PS - he is now sleeping on the windowsill again for another night


----------



## Jay3 (May 4, 2008)

He is most likely a lost bird from someones loft, or maybe a pet. He won't last very long outside on his own, as he has no idea of where to find food, and probably isn't very predator savvy. Especially being white, he will stand out and hawks will not miss him for long. If you can secure him and put him in a cage away from your parrot, then you needn't worry about him making your parrot sick. Sevin 5% garden dust, or something similar, or any lice and mite spray from a pet shop will take care of any bugs he might have. This will give you an opportunity to watch him and his droppings for any signs of illness. Maybe if you were to leave the window open, he would come in for food left in the room near the window. Once you get him coming in, you could possibly get to the window and close it. Or, if your window isn't too high, and he roosts there at night, maybe you could quietly approach him at night and catch him. Some throw a large towel over the bird. They can't see well at night, and so don't usually fly away, unless very frightened. You would have to be very quiet. Anyway,catching him would probably save his life. If you can't keep him, then probably someone on P.T. would adopt him.


----------



## tjc1 (Aug 22, 2012)

I understand your concern about the parrot as it is probably part of your family and very expensive. But keeping the pigeon away from the parrot any sickness will be almost nil also it is not bad to spray both the pigeon and the parrot for lice and mites. Most sprays and dusts are not bird orientated and safe for parrots. You will be able to take care of the pigeon without endangering the parrot, and everybody will make out great. Plus maybe you will get a beautiful new friend.


----------



## John_D (Jan 24, 2002)

Hi

Where are you in the UK? There may be someone around who can help out.

Please do as Jay3 has advised - he would have to actually have a transferable illness _and_ be in contact with your parrot to be a problem, and it does not sound like he is particularly poorly.


----------



## amyable (Jul 7, 2007)

Hi, thanks for coming on to find help for this bird.

It's definitely not a wild bird and will not survive out in the wild so I'd take it in asap at least until we can sort out what we can do to help it.
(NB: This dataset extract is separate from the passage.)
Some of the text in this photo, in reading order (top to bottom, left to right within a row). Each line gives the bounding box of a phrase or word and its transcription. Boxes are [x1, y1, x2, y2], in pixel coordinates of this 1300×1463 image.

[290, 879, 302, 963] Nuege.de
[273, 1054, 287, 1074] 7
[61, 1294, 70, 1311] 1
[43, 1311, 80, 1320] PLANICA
As others have said, it's not a real threat to your parrot's health but just keep it separate for now as we would anyway with a new bird or rescue for a quarantine period.
Obviously with having a Parrot it may not be possible to keep this bird but it does sound as if it's a tame lost bird and so if you're not able to give it a home then let us know where abouts you are in the UK and maybe we can post around to see if it can be found a home.

I assume it has no rings on it's legs. Sometimes they have phone numbers on the feathers under their wings if you can check there.
Might be worth posting a card in a local news agents to see if it's local as I'd bet it hasn't come far. It doesn't sound like a racer so wouldn't be flying long distances. Could just have escaped or been spooked when out for a fly and can't find it's way home.
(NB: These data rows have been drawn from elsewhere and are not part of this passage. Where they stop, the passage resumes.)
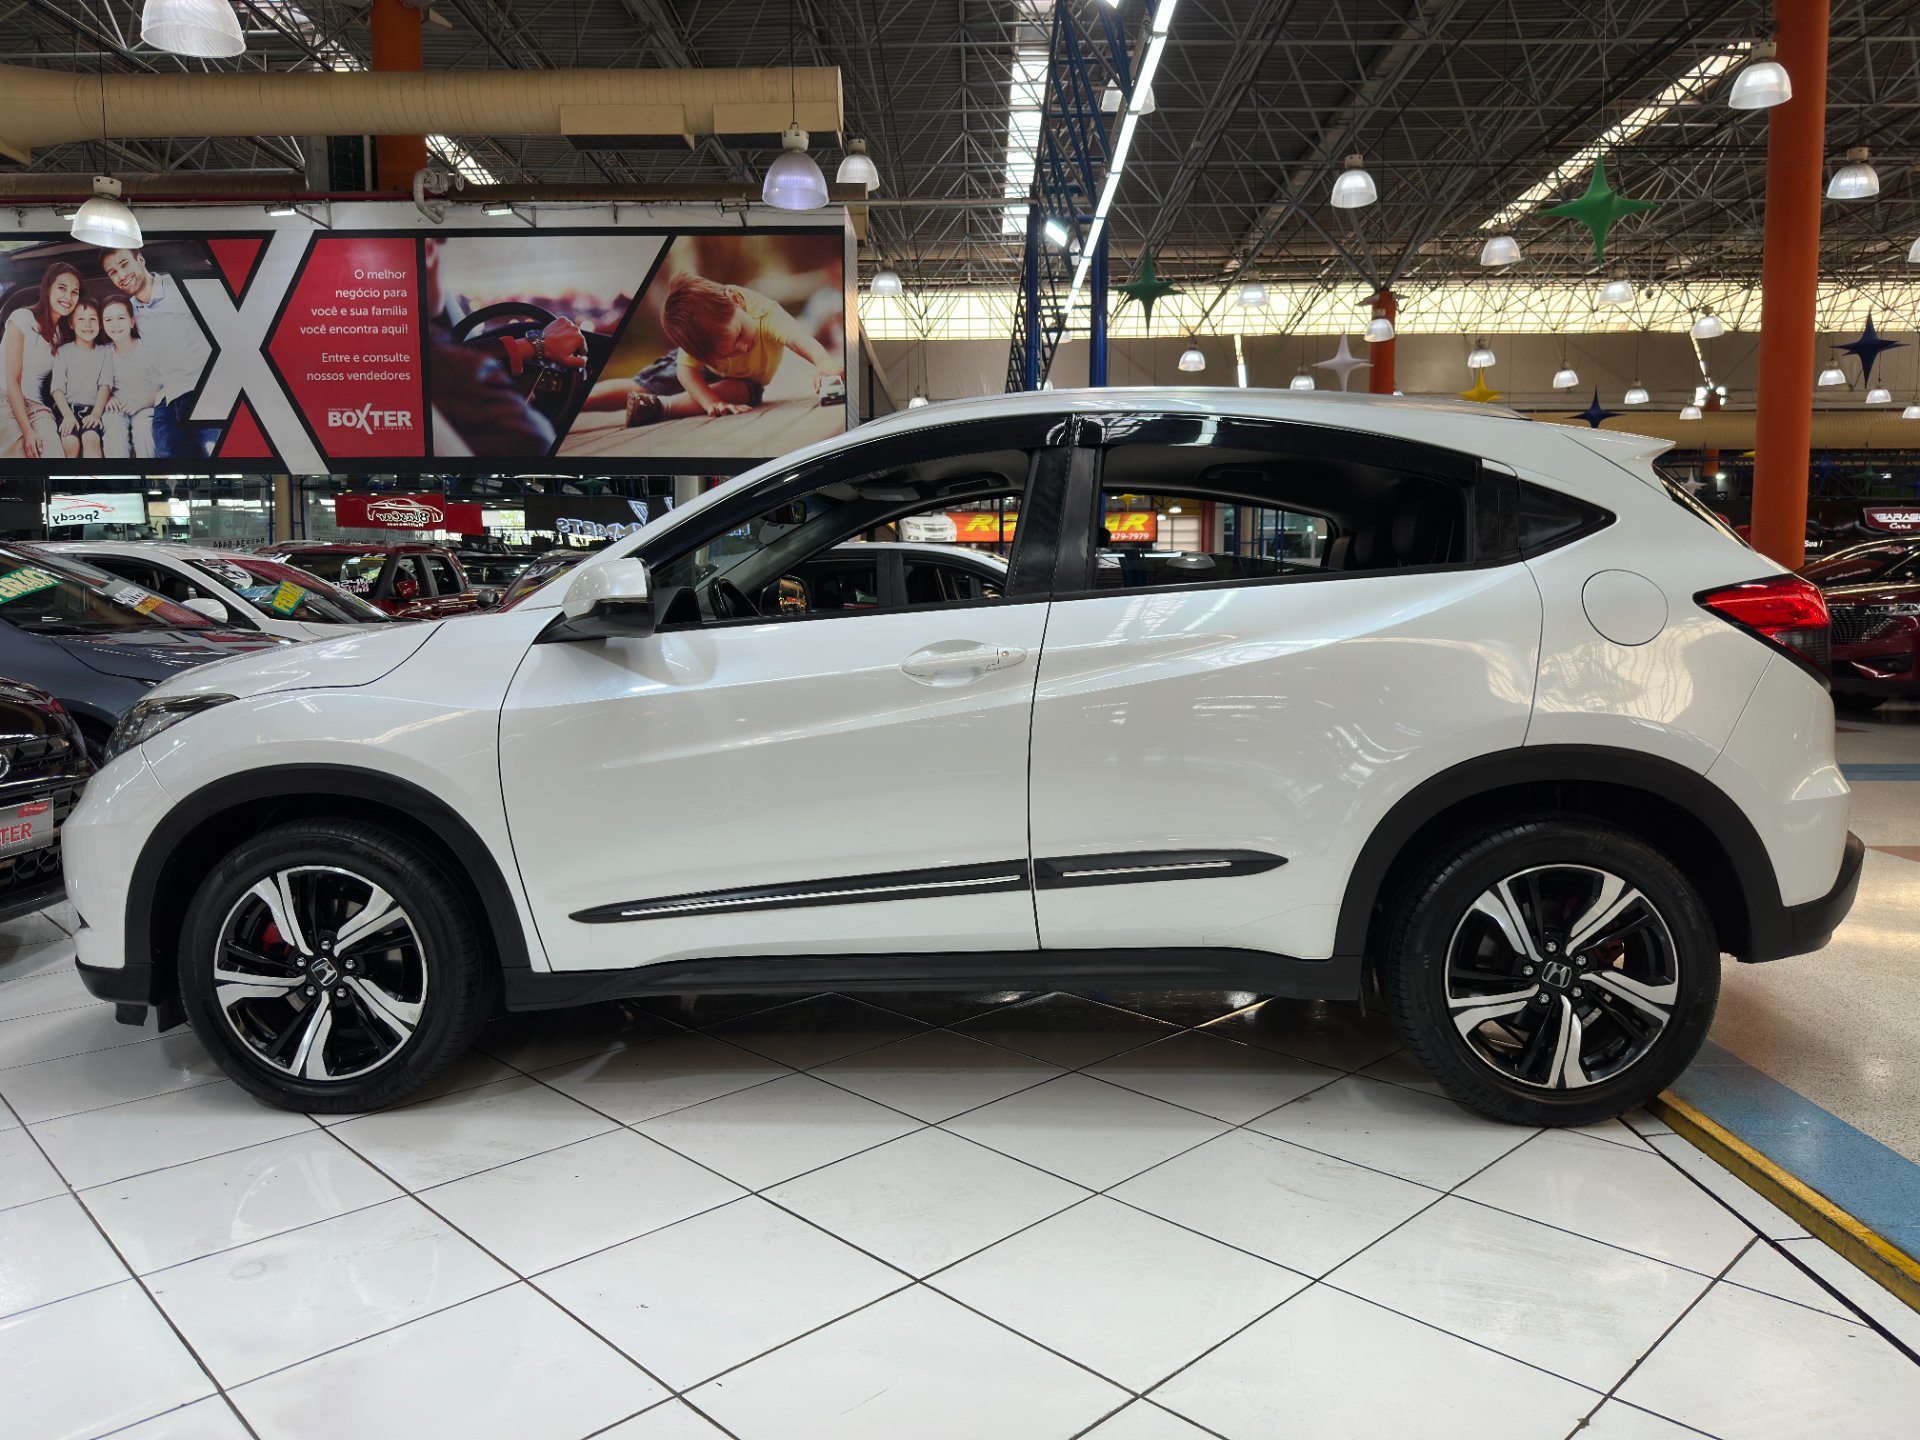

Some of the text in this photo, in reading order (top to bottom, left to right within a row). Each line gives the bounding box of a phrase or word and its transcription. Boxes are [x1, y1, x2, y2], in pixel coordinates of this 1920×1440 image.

[354, 269, 407, 280] O melhor
[335, 288, 408, 300] negócio para
[311, 306, 408, 316] você e sua família
[300, 324, 409, 336] você encontra aqui!
[322, 352, 410, 363] Entre e consulte
[307, 370, 411, 381] nossos vendedores
[328, 402, 413, 435] BOXTER
If you can keep it contained with some paper towel on the bottom of a box or cage so you can check it's poops to see if it's ok.
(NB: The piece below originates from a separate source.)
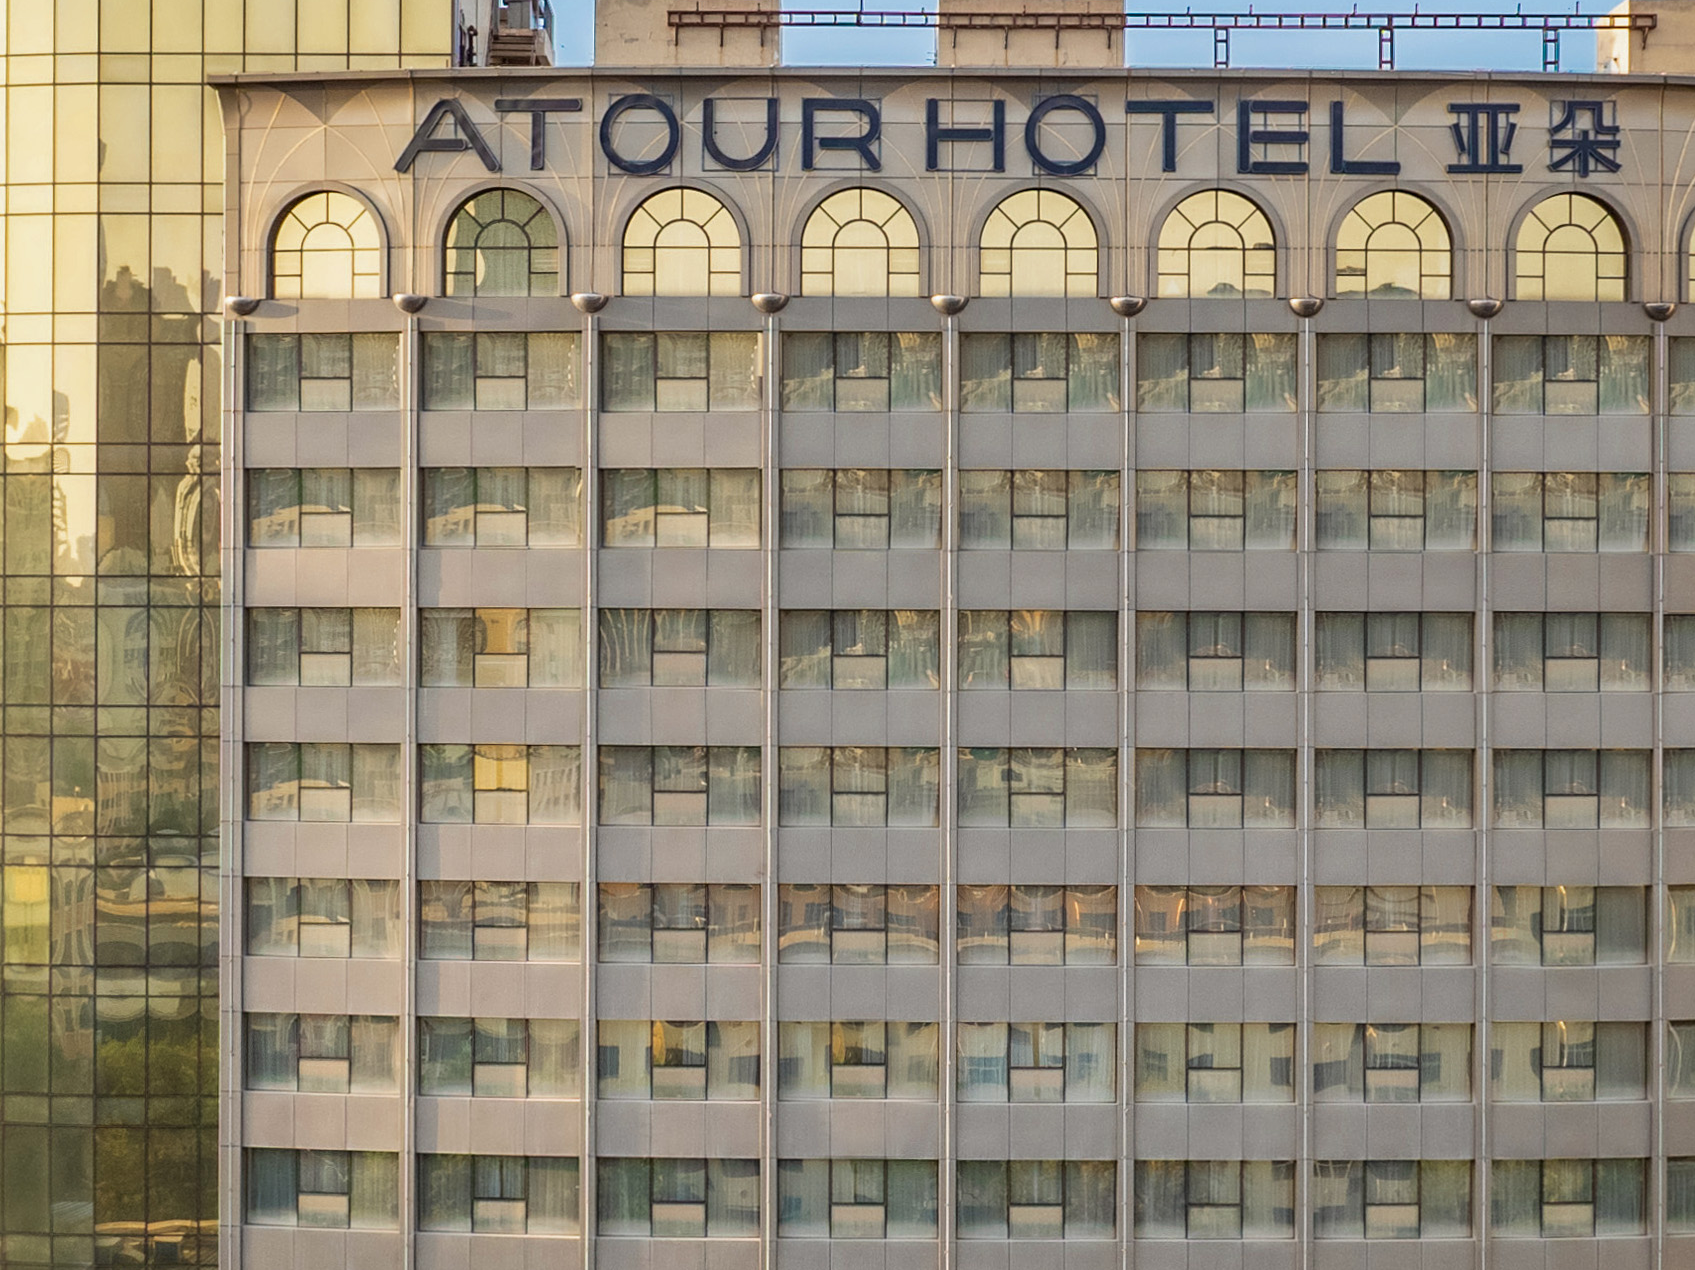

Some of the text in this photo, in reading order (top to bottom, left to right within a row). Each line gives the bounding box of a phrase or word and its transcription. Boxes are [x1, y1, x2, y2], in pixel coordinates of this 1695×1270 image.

[394, 93, 1623, 178] ATOUR HOTEL 亚朵
Let us know what part of the UK you're in and we can check to see if anyone is local to you and can take the bird in.

Thanks for helping it out, it sounds like a lovely bird.

Janet


----------



## Ellax (Nov 14, 2012)

Thank you for the advice. I am going to try to bring him indoors today and not be outside. I don't have room to have him in a cage in the house but I'm going to try the idea of a cozy box with a towel and newspaper lining. I have given him some food and water this morning. Long term I don't think I can keep him due to lack of a cage room and also I work and my mum will not take on another animal as she herself is slowing down. I live in uxbridge in Middlesex if anyone knows anyone near here who can look after him please email me [email protected]. He will be staying with me as long as it takes...


----------



## amyable (Jul 7, 2007)

Thank you so much for taking 'him/her' in. I hope you can get it easily.
It really does sound lovely.

I possible can you get a picture up of it, we can try and identify what type of pigeon it is.

It's worth asking around though as I'd bet it's home is fairly local and if it's that tame someone must be worrying about it.

Keep us posted on how things go and I'll keep your email to hand as well in case we can find a place for it if the owner doesn't appear soon.

Janet


----------



## PigeonQueen (Aug 13, 2006)

Hello, I live in Surrey and will take the pigeon if you can bring it to me. I do not have a car and have health problems so cannot travel too far. However I could get to Waterloo Station in London. Please private message me with contact number. Thanks Jayne


----------



## PigeonQueen (Aug 13, 2006)

Hello again, looking at the map, I have just realised there is a Underground train from Uxbridge direct to Turnham Green on the Piccadilly Line.I would be willing to pick up pigeon from there or nearby (Twickenham/Richmond Station ). Please let me know. Thanks Jayne


----------